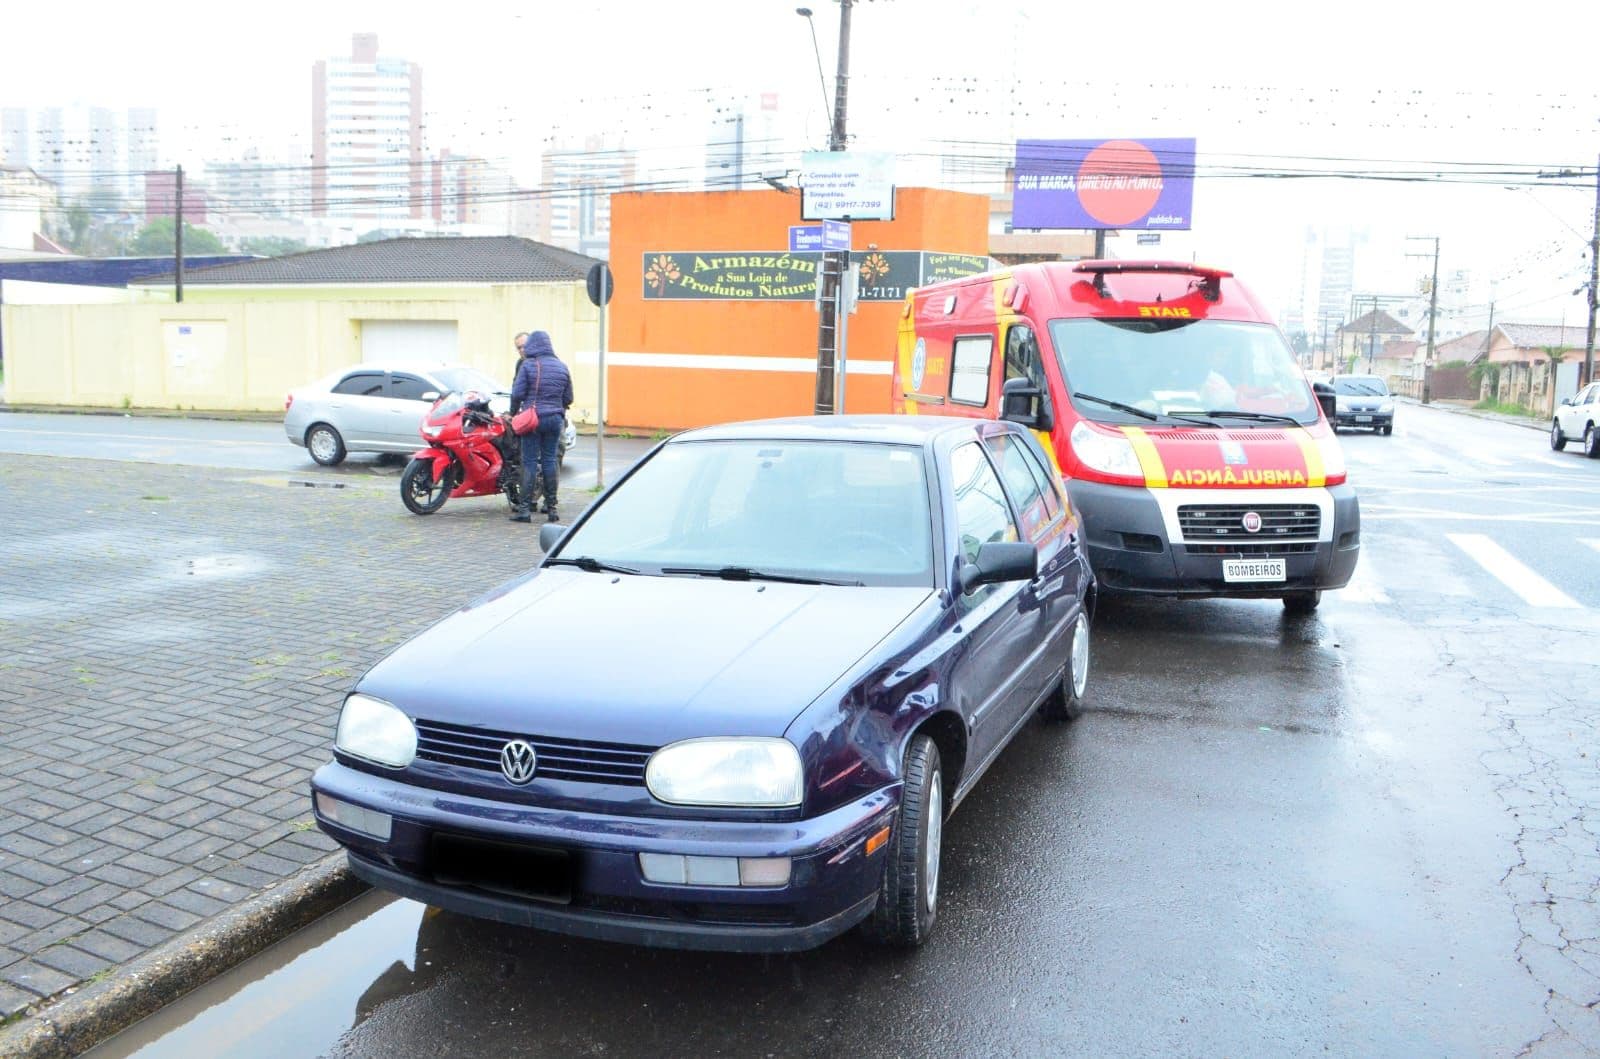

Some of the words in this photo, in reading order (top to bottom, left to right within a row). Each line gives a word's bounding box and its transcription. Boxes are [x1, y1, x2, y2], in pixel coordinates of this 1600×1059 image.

[1017, 175, 1037, 190] SUA
[1039, 175, 1075, 192] MARCA,
[814, 201, 832, 210] (42)
[693, 253, 815, 273] Armazém
[718, 274, 724, 283] a
[726, 272, 747, 283] Sua
[749, 272, 772, 283] Loja
[775, 271, 788, 283] de
[680, 275, 754, 297] Produtos
[1228, 564, 1282, 576] BOMBEIROS

* EXERCISE DESCRIPTION: Nothing but the records above, exact and without pictures, should appear in the answer.

* YOUR RESPONSE:
Some of the words in this photo, in reading order (top to bottom, left to right within a row). Each line gives a word's bounding box and its transcription. Boxes are [x1, y1, x2, y2], in pixel coordinates of this 1600×1059 image.

[1017, 175, 1037, 190] SUA
[1039, 175, 1075, 192] MARCA,
[814, 201, 832, 210] (42)
[693, 253, 815, 273] Armazém
[718, 274, 724, 283] a
[726, 272, 747, 283] Sua
[749, 272, 772, 283] Loja
[775, 271, 788, 283] de
[680, 275, 754, 297] Produtos
[1228, 564, 1282, 576] BOMBEIROS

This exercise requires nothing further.